**Task**
Pictures in the records are to be omitted; everything else is copied exactly.

**Material shown**
* * *
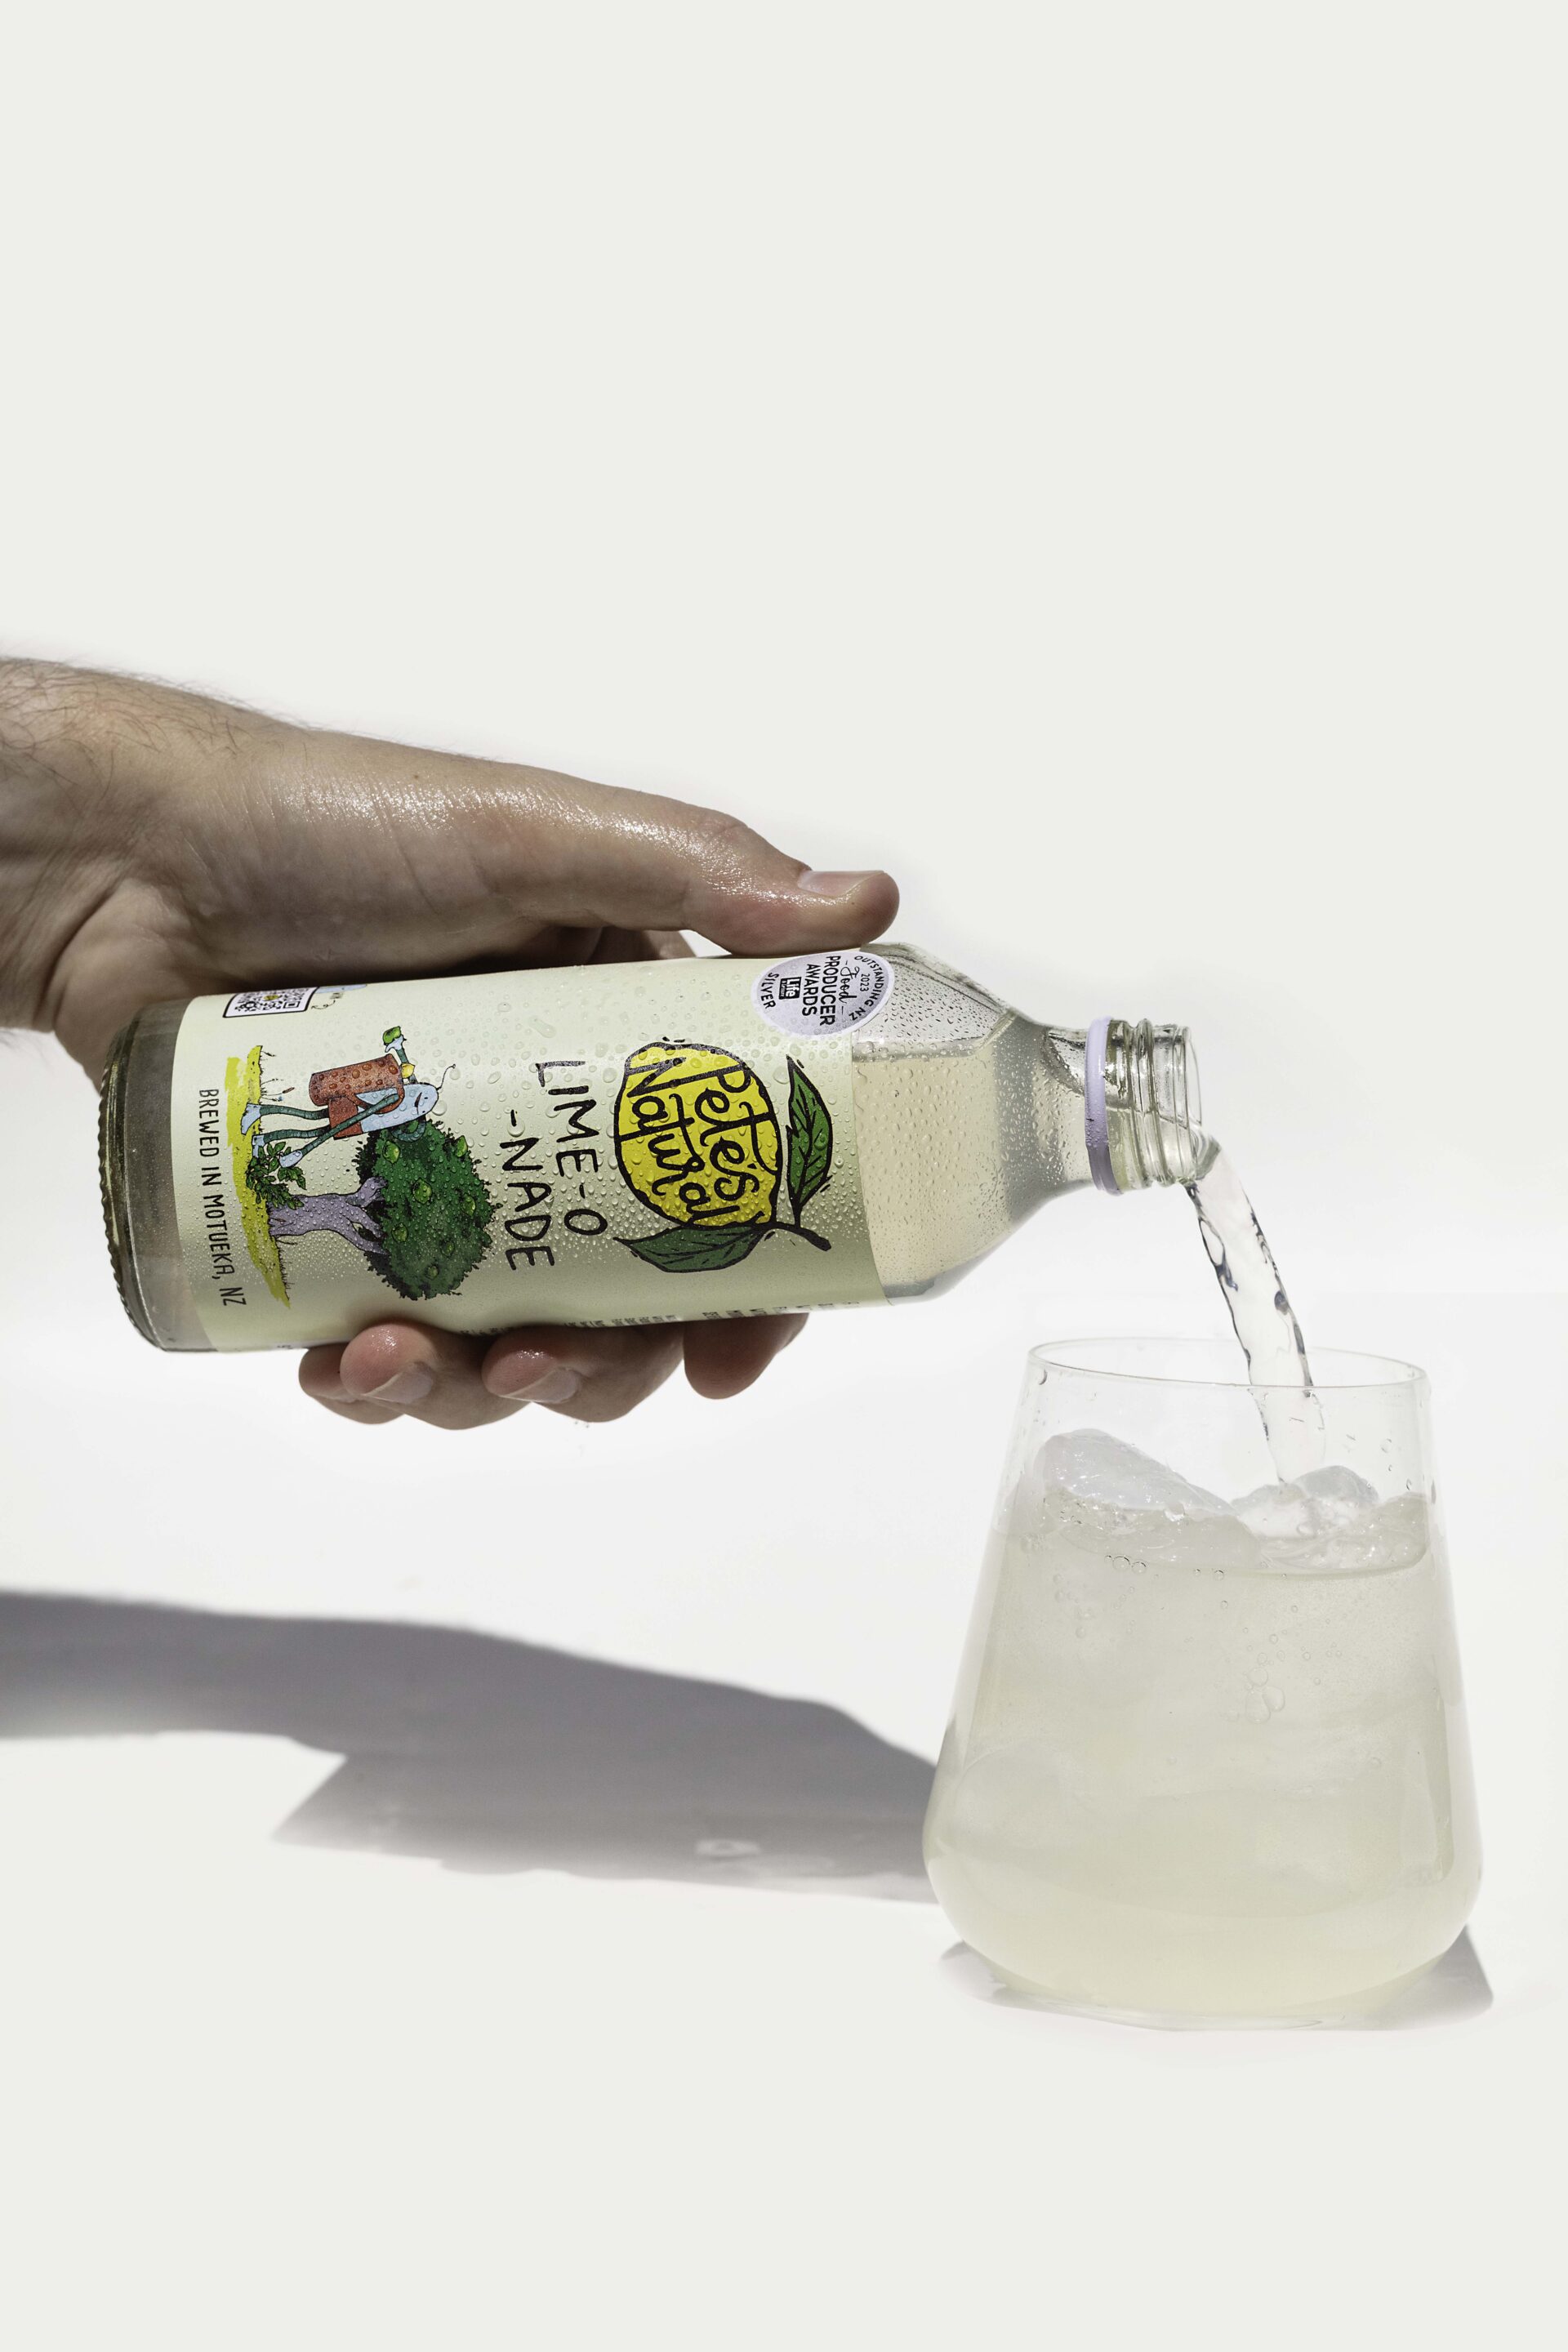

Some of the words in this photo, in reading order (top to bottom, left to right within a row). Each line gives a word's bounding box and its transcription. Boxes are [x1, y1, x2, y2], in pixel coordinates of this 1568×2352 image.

[760, 972, 780, 1009] SILVER
[786, 978, 800, 997] Life
[801, 964, 822, 1017] AWARDS
[819, 956, 841, 1027] PRODUCER
[838, 966, 860, 1004] Food
[853, 956, 884, 1008] OUTSTANDING
[860, 973, 870, 992] 2023
[849, 1006, 866, 1021] NZ
[198, 1088, 219, 1158] BREWED
[535, 1060, 608, 1236] LIME-O
[617, 1056, 741, 1223] Natural
[693, 1062, 778, 1202] Pete's
[201, 1165, 221, 1187] IN
[203, 1193, 236, 1280] MOTUEKA,
[219, 1286, 247, 1307] NZ
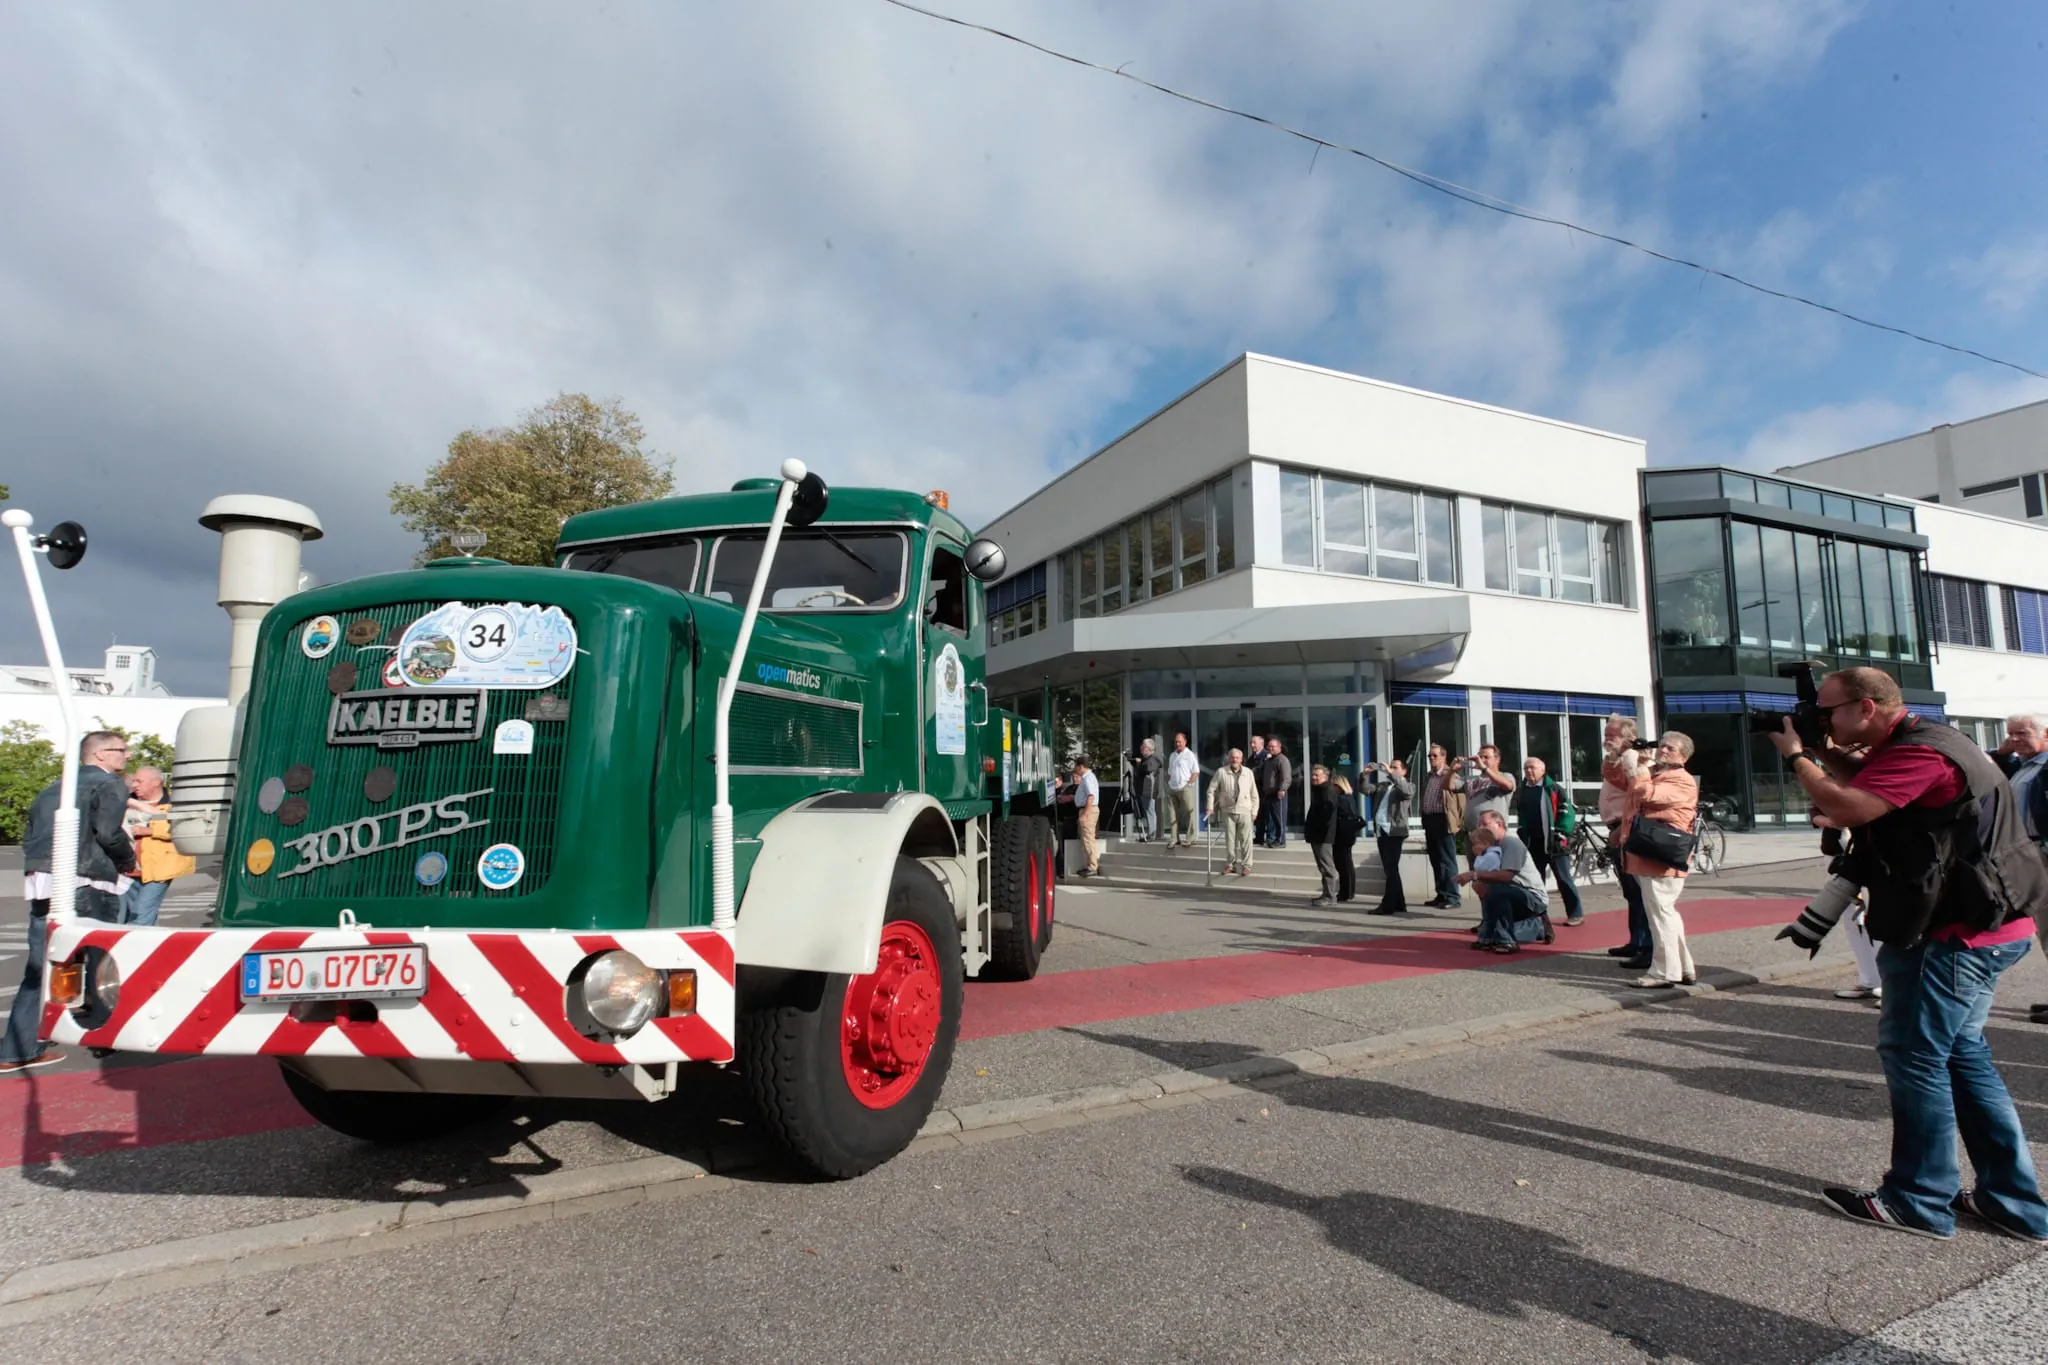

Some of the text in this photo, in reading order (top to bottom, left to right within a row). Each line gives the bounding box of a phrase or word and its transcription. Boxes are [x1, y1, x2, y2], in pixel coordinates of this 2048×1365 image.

[468, 623, 507, 649] 34
[757, 662, 821, 690] openmatics
[337, 698, 475, 733] KAELBLE
[294, 794, 470, 874] 300 PS
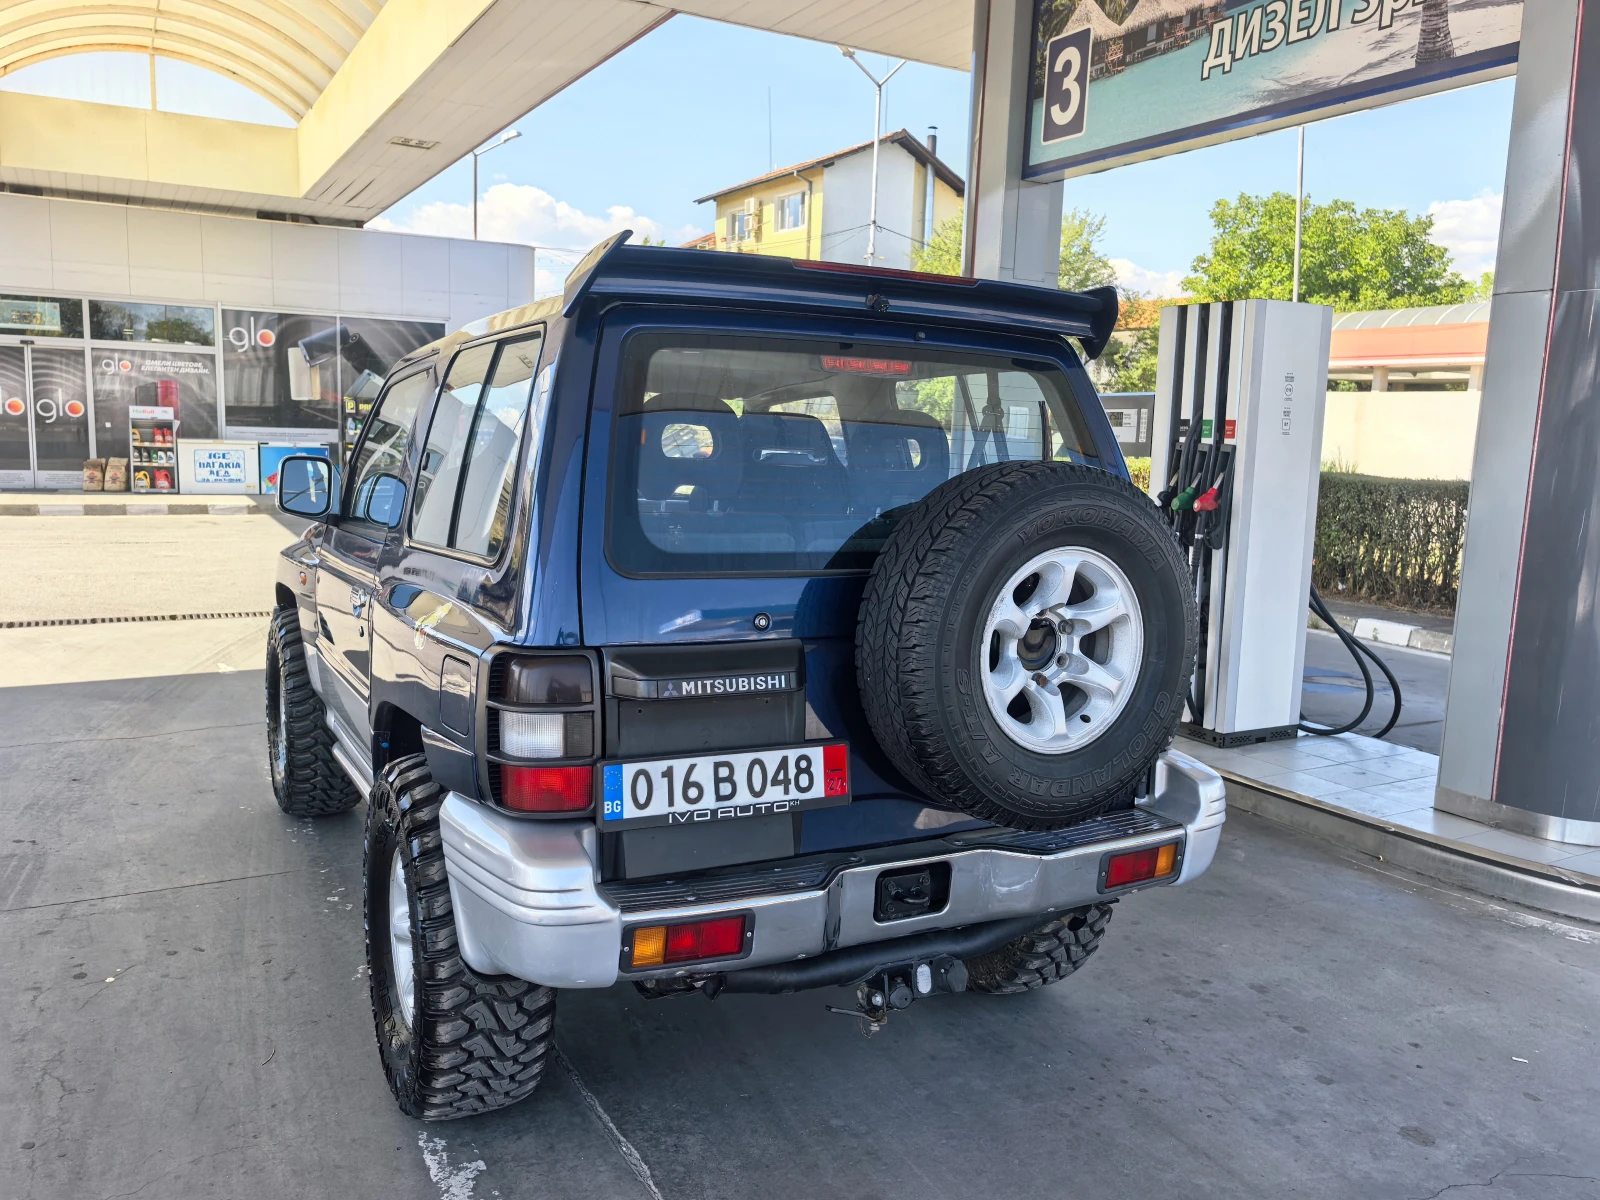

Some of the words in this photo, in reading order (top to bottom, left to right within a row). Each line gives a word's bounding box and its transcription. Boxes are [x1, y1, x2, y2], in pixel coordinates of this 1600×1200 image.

[1050, 46, 1083, 127] 3
[229, 317, 276, 352] glo
[102, 353, 132, 374] glo
[0, 386, 25, 416] lo
[36, 388, 85, 424] glo
[1017, 505, 1168, 572] YOKOHAMA
[682, 674, 786, 696] MITSUBISHI
[1007, 691, 1171, 798] GEOLANDAR
[630, 763, 704, 811] 016
[713, 760, 737, 803] B
[746, 754, 815, 798] 048
[604, 800, 622, 814] BG
[668, 810, 711, 824] IVO
[717, 801, 790, 819] AUTO
* * *
**Answer section**
Some of the words in this photo, in reading order (top to bottom, left to right within a row). Each line gives a word's bounding box and its transcription. Boxes are [x1, y1, x2, y2], in pixel coordinates of this 1568×2352 image.

[760, 972, 780, 1009] SILVER
[786, 978, 800, 997] Life
[801, 964, 822, 1017] AWARDS
[819, 956, 841, 1027] PRODUCER
[838, 966, 860, 1004] Food
[853, 956, 884, 1008] OUTSTANDING
[860, 973, 870, 992] 2023
[849, 1006, 866, 1021] NZ
[198, 1088, 219, 1158] BREWED
[535, 1060, 608, 1236] LIME-O
[617, 1056, 741, 1223] Natural
[693, 1062, 778, 1202] Pete's
[201, 1165, 221, 1187] IN
[203, 1193, 236, 1280] MOTUEKA,
[219, 1286, 247, 1307] NZ

Some of the text in this photo, in reading order (top to bottom, left to right within a row). Each line gives the bounding box of a phrase or word and its transcription. Boxes are [x1, y1, x2, y2], in pixel coordinates of this 2048×1365 image.

[468, 623, 507, 649] 34
[757, 662, 821, 690] openmatics
[337, 698, 475, 733] KAELBLE
[294, 794, 470, 874] 300 PS

Some of the words in this photo, in reading order (top to bottom, left to right within a row). Each line gives a word's bounding box and its transcription. Boxes are [x1, y1, x2, y2], in pixel coordinates of this 1600×1200 image.

[1050, 46, 1083, 127] 3
[229, 317, 276, 352] glo
[102, 353, 132, 374] glo
[0, 386, 25, 416] lo
[36, 388, 85, 424] glo
[1017, 505, 1168, 572] YOKOHAMA
[682, 674, 786, 696] MITSUBISHI
[1007, 691, 1171, 798] GEOLANDAR
[630, 763, 704, 811] 016
[713, 760, 737, 803] B
[746, 754, 815, 798] 048
[604, 800, 622, 814] BG
[668, 810, 711, 824] IVO
[717, 801, 790, 819] AUTO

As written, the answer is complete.